Fall 2008 Concert

The ARC Ensemble of Toronto
Lost and Found: Jewish Musical Treasures from Eastern Europe

  • Terrace Theater
  • The John F. Kennedy Center for the Performing Arts
  • Washington, D.C.
  • November 18th, 2008

Concert Summary

On November 18, 2008, Pro Musica Hebraica proudly presented ARC – the ensemble-in-residence of Canada’s Royal Conservatory of Music – in the second concert of its acclaimed new series devoted to Jewish composers. The Grammy-nominated ARC, performed two major wartime works by the enigmatic, twentieth-century master Mieczysław Weinberg (1919-1996), a Polish Jewish émigré to the Soviet Union whose music has frequently drawn comparisons to his friend and mentor, Dmitri Shostakovich. They paired these unknown masterpieces, the Sonata for Clarinet and Piano (1947) and the Quintet for Piano and Strings (1944) with the haunting Passacaille of Szymon Laks (1901-1983), composed in Paris in 1947, shortly after his liberation from Auschwitz. Joining these works was another piece written in the aftermath of World War I and one of the most famous pieces of Jewish music to emerge from the pen of a non-Jewish composer, the Overture on Hebrew Themes (1919) by Sergei Prokofiev (1891-1953).

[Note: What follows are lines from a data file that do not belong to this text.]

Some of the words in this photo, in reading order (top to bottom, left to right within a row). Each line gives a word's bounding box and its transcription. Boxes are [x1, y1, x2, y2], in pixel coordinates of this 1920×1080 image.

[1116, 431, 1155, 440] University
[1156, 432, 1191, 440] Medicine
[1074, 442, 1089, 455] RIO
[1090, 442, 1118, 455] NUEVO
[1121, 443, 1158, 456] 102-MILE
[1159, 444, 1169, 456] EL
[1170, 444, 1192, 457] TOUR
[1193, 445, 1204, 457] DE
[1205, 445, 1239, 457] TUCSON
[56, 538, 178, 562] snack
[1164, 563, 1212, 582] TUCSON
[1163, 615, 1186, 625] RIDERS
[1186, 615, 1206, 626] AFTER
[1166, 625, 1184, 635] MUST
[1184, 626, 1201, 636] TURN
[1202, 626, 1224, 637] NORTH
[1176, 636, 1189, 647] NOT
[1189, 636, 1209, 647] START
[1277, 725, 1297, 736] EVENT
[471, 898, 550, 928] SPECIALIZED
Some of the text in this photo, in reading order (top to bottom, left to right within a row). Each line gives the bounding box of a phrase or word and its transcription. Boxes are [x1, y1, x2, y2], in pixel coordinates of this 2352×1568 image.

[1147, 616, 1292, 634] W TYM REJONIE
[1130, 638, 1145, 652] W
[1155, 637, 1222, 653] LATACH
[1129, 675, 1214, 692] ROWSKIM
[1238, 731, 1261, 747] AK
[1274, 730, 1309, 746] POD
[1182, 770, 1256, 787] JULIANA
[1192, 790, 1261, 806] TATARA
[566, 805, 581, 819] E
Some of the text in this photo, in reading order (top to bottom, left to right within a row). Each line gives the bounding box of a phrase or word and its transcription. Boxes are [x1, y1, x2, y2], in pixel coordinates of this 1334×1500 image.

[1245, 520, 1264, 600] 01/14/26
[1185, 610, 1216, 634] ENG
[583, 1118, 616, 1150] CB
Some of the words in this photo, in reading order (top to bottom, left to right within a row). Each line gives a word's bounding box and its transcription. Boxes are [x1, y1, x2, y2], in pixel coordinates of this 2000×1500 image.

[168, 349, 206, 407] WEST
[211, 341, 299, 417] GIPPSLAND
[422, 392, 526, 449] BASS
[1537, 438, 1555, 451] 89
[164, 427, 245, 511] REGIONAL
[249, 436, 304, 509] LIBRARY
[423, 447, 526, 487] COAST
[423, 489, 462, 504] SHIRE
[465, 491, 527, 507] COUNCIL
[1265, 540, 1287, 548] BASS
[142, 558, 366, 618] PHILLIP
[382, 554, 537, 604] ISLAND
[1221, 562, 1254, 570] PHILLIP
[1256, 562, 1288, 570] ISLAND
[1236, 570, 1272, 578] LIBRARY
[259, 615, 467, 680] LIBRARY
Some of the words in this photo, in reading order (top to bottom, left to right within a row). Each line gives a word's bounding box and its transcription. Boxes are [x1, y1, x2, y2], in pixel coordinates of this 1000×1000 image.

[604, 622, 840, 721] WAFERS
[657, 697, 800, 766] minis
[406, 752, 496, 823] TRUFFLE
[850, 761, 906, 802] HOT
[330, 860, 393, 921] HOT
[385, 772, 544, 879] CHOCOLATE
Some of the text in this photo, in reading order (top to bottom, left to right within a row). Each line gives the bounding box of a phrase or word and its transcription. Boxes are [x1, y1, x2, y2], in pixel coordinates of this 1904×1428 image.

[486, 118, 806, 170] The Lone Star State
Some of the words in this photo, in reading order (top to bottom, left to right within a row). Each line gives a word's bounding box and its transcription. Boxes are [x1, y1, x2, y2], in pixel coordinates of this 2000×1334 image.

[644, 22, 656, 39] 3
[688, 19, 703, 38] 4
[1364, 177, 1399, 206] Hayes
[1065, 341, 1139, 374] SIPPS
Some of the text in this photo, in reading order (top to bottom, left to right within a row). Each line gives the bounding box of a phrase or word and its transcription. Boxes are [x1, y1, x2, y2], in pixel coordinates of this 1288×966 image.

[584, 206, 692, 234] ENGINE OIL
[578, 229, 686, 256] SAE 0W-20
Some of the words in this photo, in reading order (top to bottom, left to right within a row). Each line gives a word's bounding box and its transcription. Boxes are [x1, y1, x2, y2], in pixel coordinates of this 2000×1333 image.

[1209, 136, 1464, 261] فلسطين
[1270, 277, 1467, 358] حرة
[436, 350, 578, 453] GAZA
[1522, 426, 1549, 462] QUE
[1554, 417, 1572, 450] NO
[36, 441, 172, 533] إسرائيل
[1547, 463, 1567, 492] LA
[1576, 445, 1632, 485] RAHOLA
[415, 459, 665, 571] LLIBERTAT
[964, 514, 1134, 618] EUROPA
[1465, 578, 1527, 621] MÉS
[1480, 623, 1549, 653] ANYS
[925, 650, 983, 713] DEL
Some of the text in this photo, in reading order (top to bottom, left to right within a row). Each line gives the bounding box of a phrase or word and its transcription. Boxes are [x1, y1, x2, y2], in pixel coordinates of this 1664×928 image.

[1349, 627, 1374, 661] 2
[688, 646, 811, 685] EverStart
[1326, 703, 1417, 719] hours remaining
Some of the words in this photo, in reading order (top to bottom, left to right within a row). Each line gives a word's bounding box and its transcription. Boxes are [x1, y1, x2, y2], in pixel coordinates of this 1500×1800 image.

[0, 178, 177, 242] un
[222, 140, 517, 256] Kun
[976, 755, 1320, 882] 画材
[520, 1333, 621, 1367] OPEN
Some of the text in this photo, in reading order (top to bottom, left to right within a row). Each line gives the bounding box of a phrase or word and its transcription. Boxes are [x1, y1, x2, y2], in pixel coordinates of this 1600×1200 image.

This concert also featured a surprise American premiere of an extremely rare work by the Hungarian Jewish composer Sándor Vándor, whose music has only recently been recovered and is completely unknown, even in Hungary. Vándor was born in 1901 in Miskolc, Hungary. He studied in Leipzig with Paul Graener (who would later take a position with the Reichsmusikkammer) and worked in Italy as a vocal coach and conductor. He returned to Hungary in 1932, took over the highly regarded Szalmás Choir and became an influential figure in Hungarian musical life. He was rounded up to work in a forced labor camp in November 1944 and died of exhaustion at Sopronbánfalva in Western Hungary, two months later – just days before the liberation of Pest. In Washington, the ARC Ensemble performed his piece “Aria,” for cello and piano.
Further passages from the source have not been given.